Despite their resistance toward hyperoxia, neonatal DC were more readily altered by hyperoxic exposure. For example, our study showed that within 2 d of hyperoxia, the number of necrotic cells was significantly higher in AB- than CB-DC, but that the CB-DC showed a significant lowering of maturation markers' expression intensity per cell (Table 1), suggesting that, in the remaining viable CB-DC, maturation was impeded. Five-day hyperoxia exposure caused the number of remaining viable cells capable of endocytic capacity to be reduced by half in both CB- and AB-DC, most probably via actin-dysfunction (34). However, the CB-DC capable of endocytic activity showed significantly higher ability than AB-DC to endocytose, supporting the cell marker findings that the remaining viable CB-DC were immature. There are potentially interesting implications of these findings. Immature DC activate regulatory T cells, promoting tolerance (35–37). Tolerance is vital in preventing premature rejection of the fetus by facilitating the suppressive effect on the maternal immune system (38,39). On the other hand, tolerance increases the risk that pathogens might evade the weakened protective immunity (36,37,40). It may be worth investigating whether immature neonatal DC, which are more resistant to hyperoxia, are then less able to help the immune system mount a response against invading pathogens. Baleeiro et al. (3) described the impairment of innate immunity upon exposure to sublethal hyperoxia in the adult animal. Given our current findings, investigating less mature hosts could yield significant results.

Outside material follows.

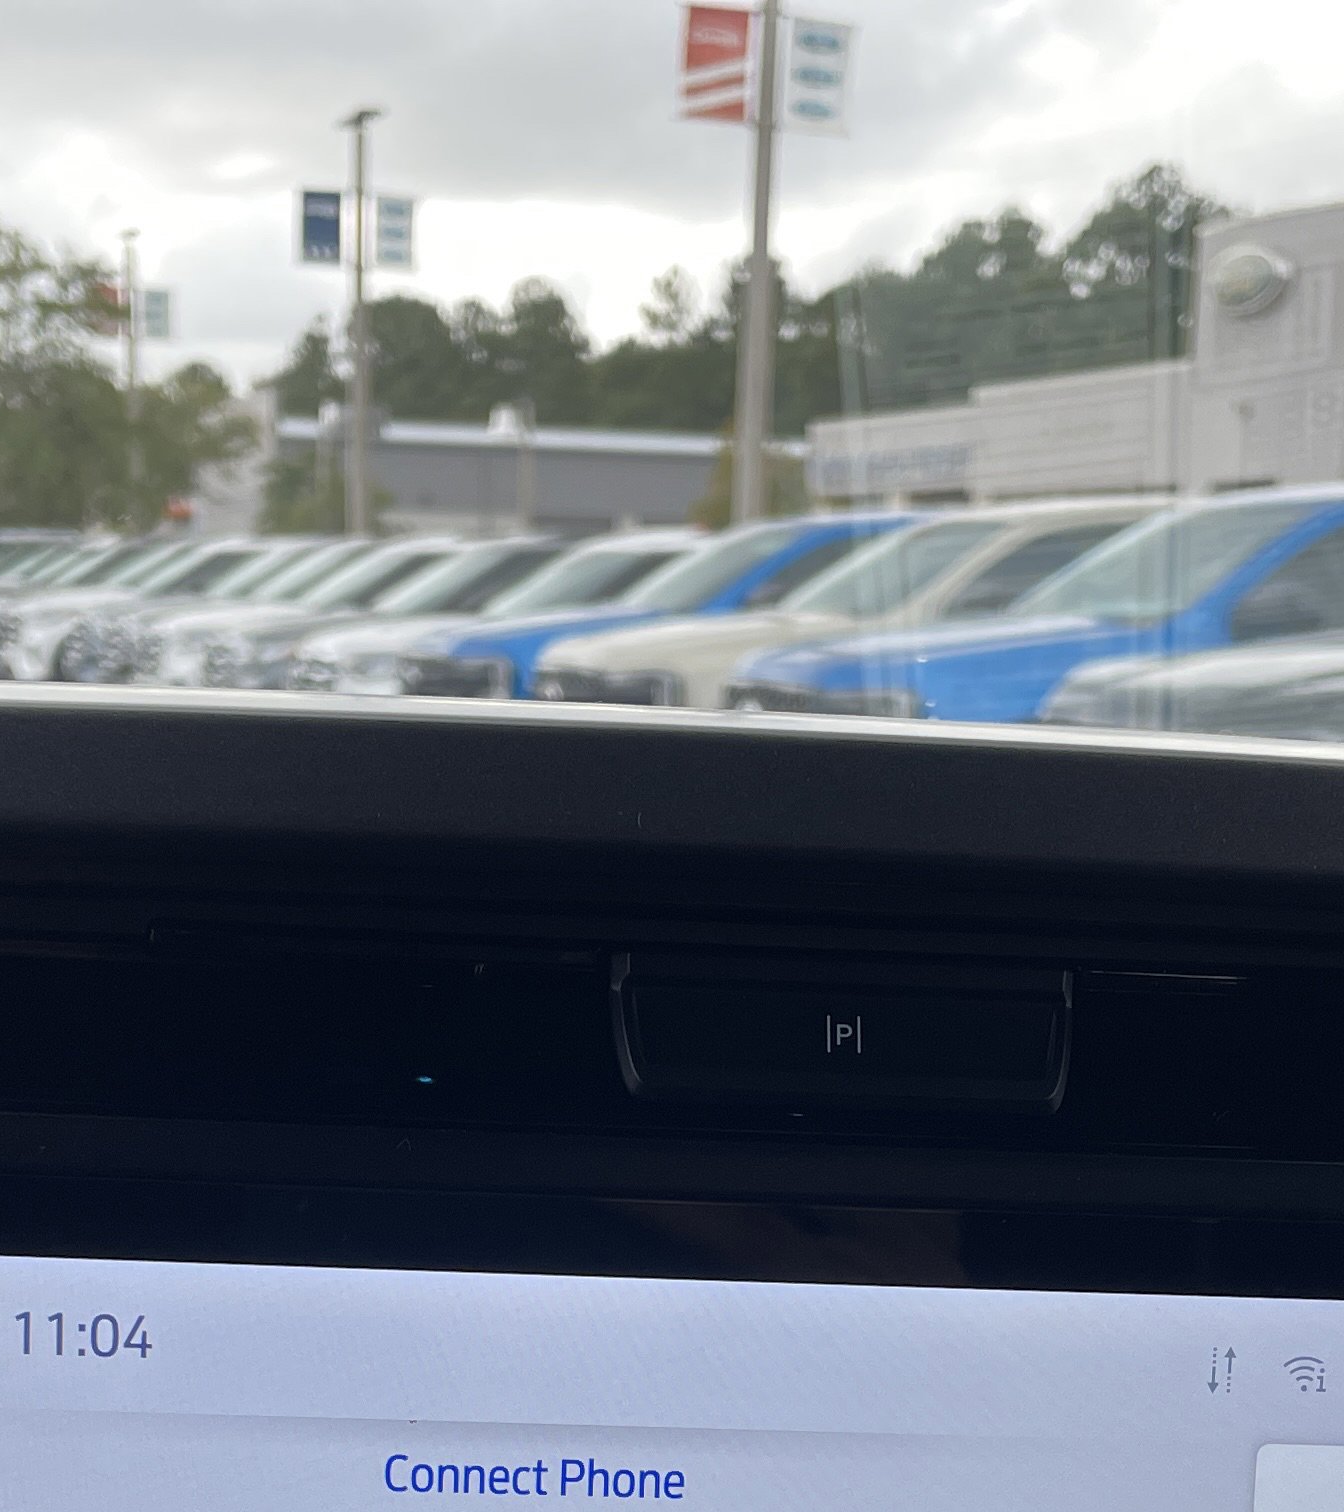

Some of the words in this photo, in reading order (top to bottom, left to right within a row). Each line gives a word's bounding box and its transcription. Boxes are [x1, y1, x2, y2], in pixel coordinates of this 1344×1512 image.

[15, 1311, 153, 1359] 11:04
[384, 1454, 549, 1496] Connect
[560, 1458, 685, 1499] Phone
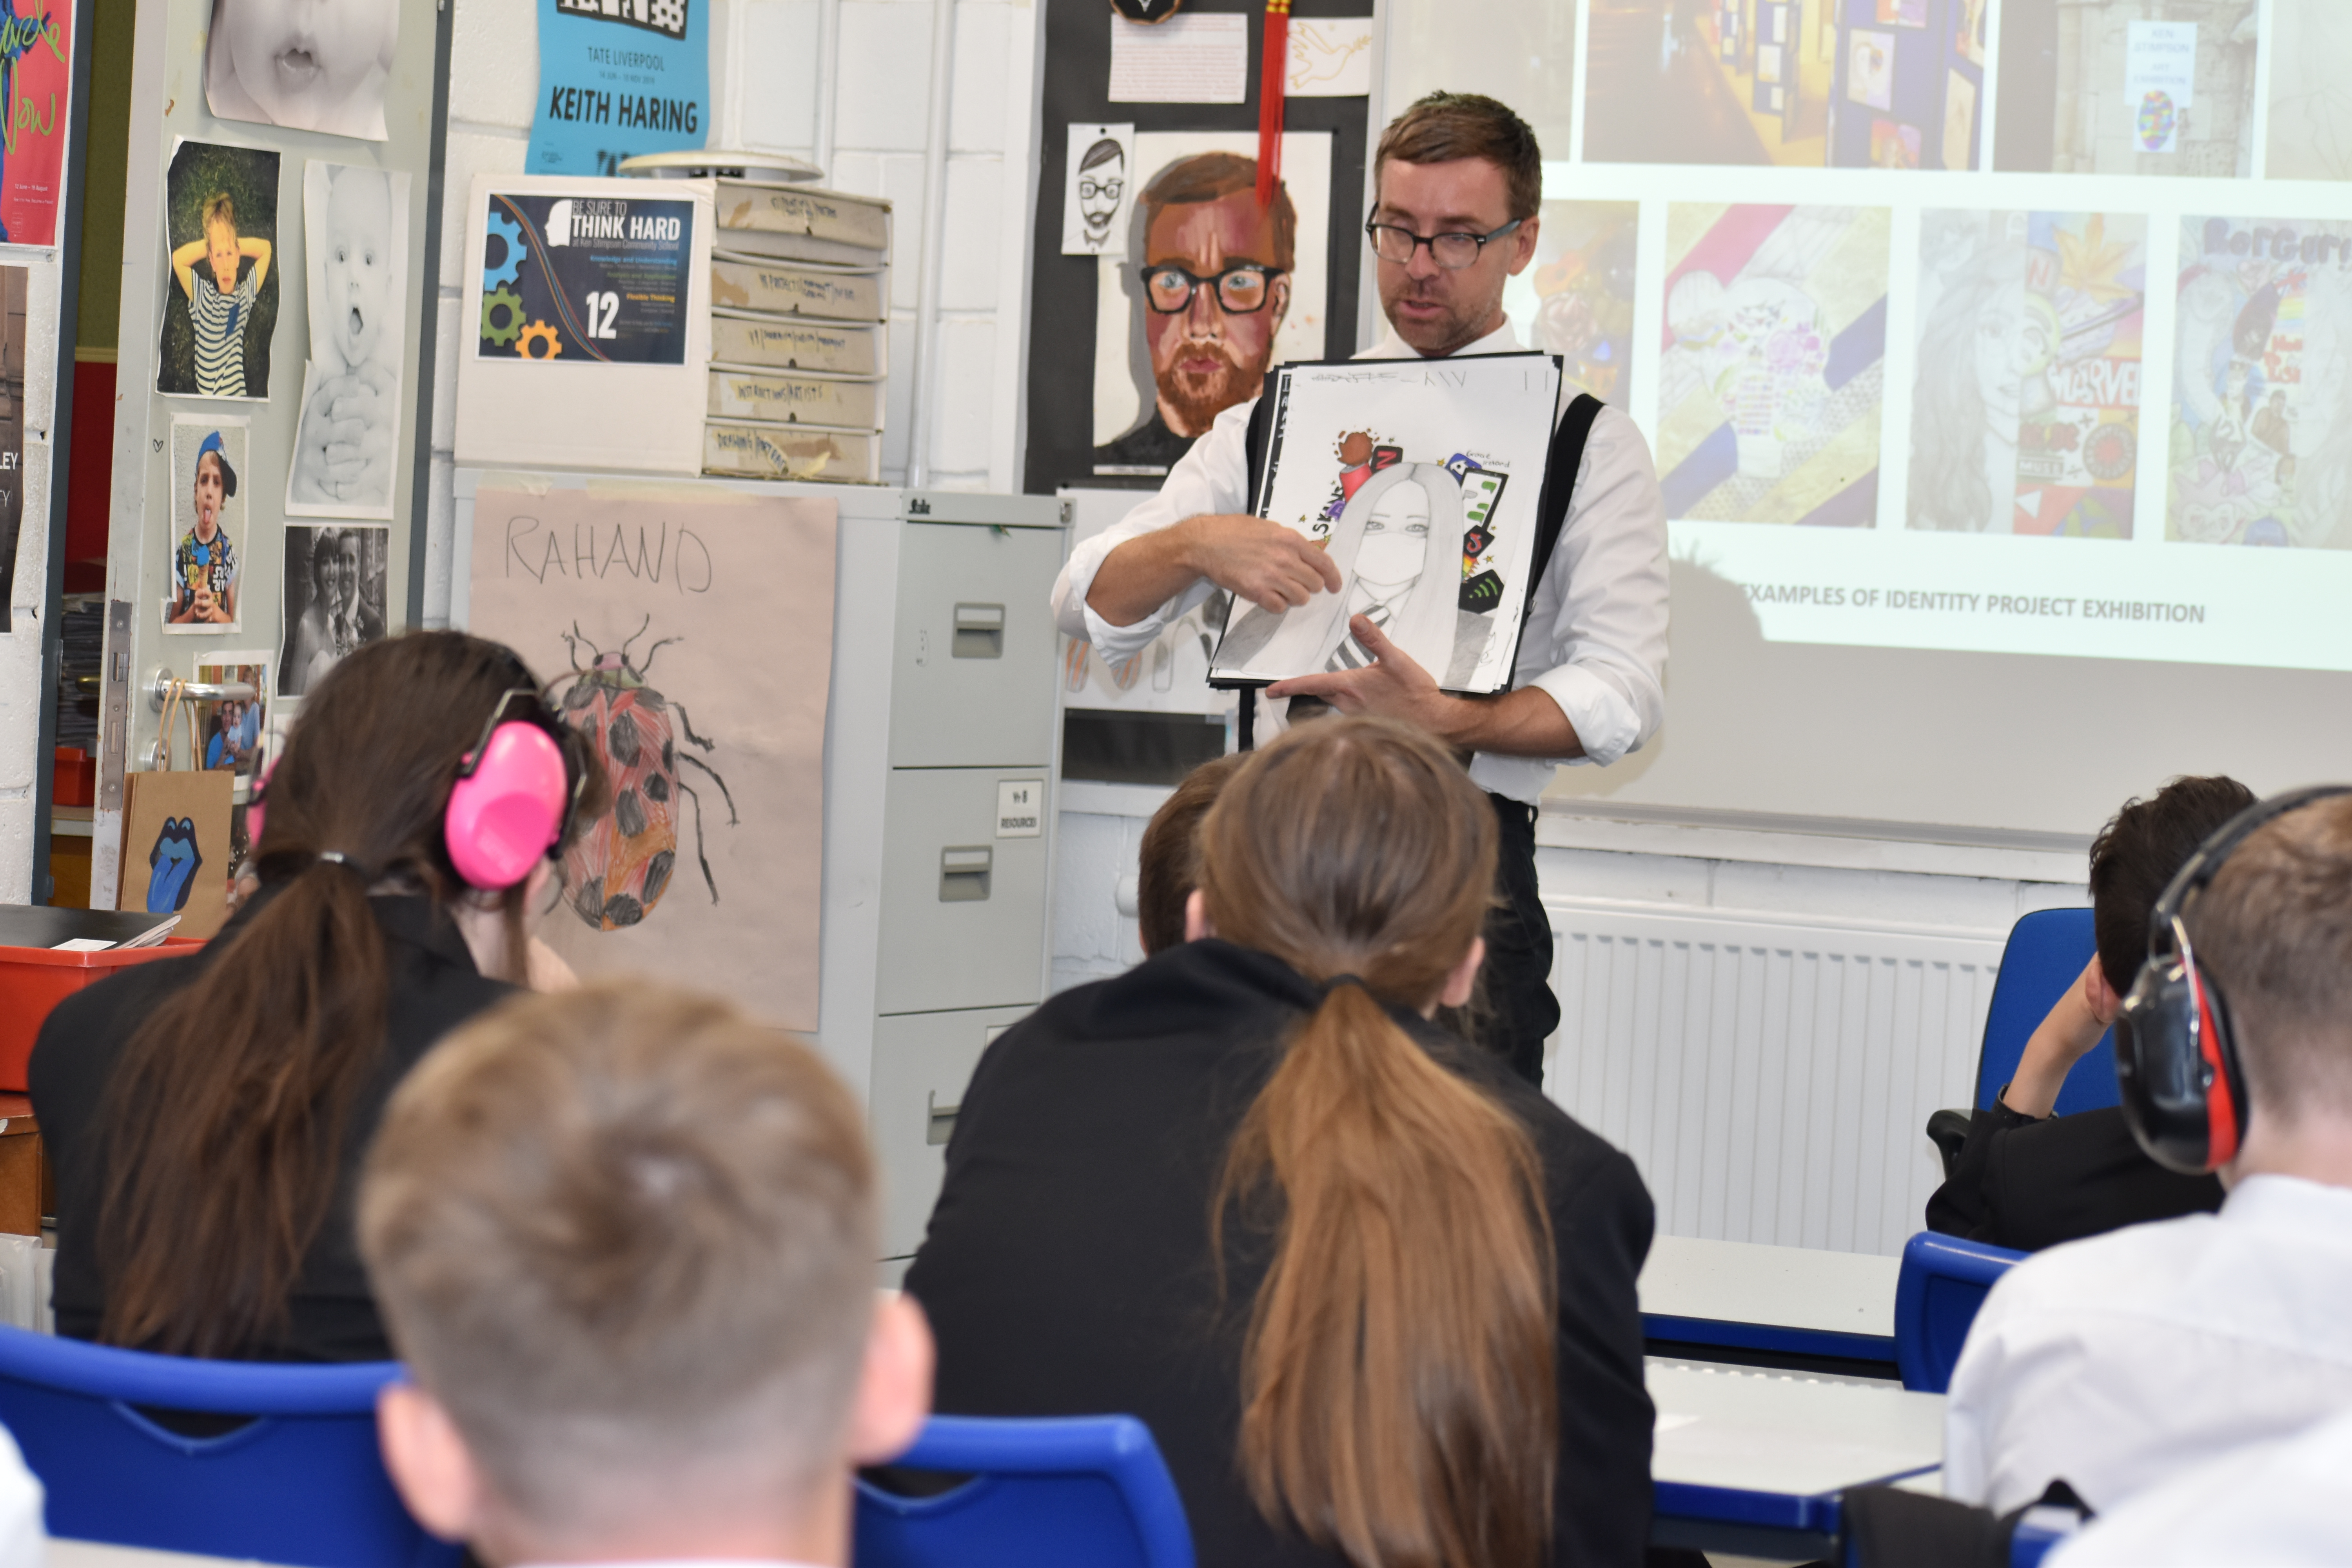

While results from our study are consistent and intriguing, several limitations and questions need to be addressed. Hyperoxia would most affect pulmonary DC and, although monocyte-derived DC strongly resemble pulmonary DC (8,9), there is some evidence that the local microenvironment can affect terminal differentiation (41). Only one high concentration of oxygen was used so it is not clear whether, for example, there is a different threshold for oxygen effects in the CB- versus AB-derived cells. We did not further characterize the cells that became CD1a and CD83 negative after 5 d in hyperoxia.

In summary, our findings demonstrate that although CB-DC are more resistant to hyperoxic-induced death than AB-DC, the surviving CB-DC are immature and dysfunctional. The survival of immature and dysfunctional DC may interfere with development of adaptive immunity in those infants with acute respiratory failure who are exposed to prolonged hyperoxia. This finding may provoke a need to reexamine the development of induced adaptive immunity through vaccination of infants exposed to prolonged hyperoxia.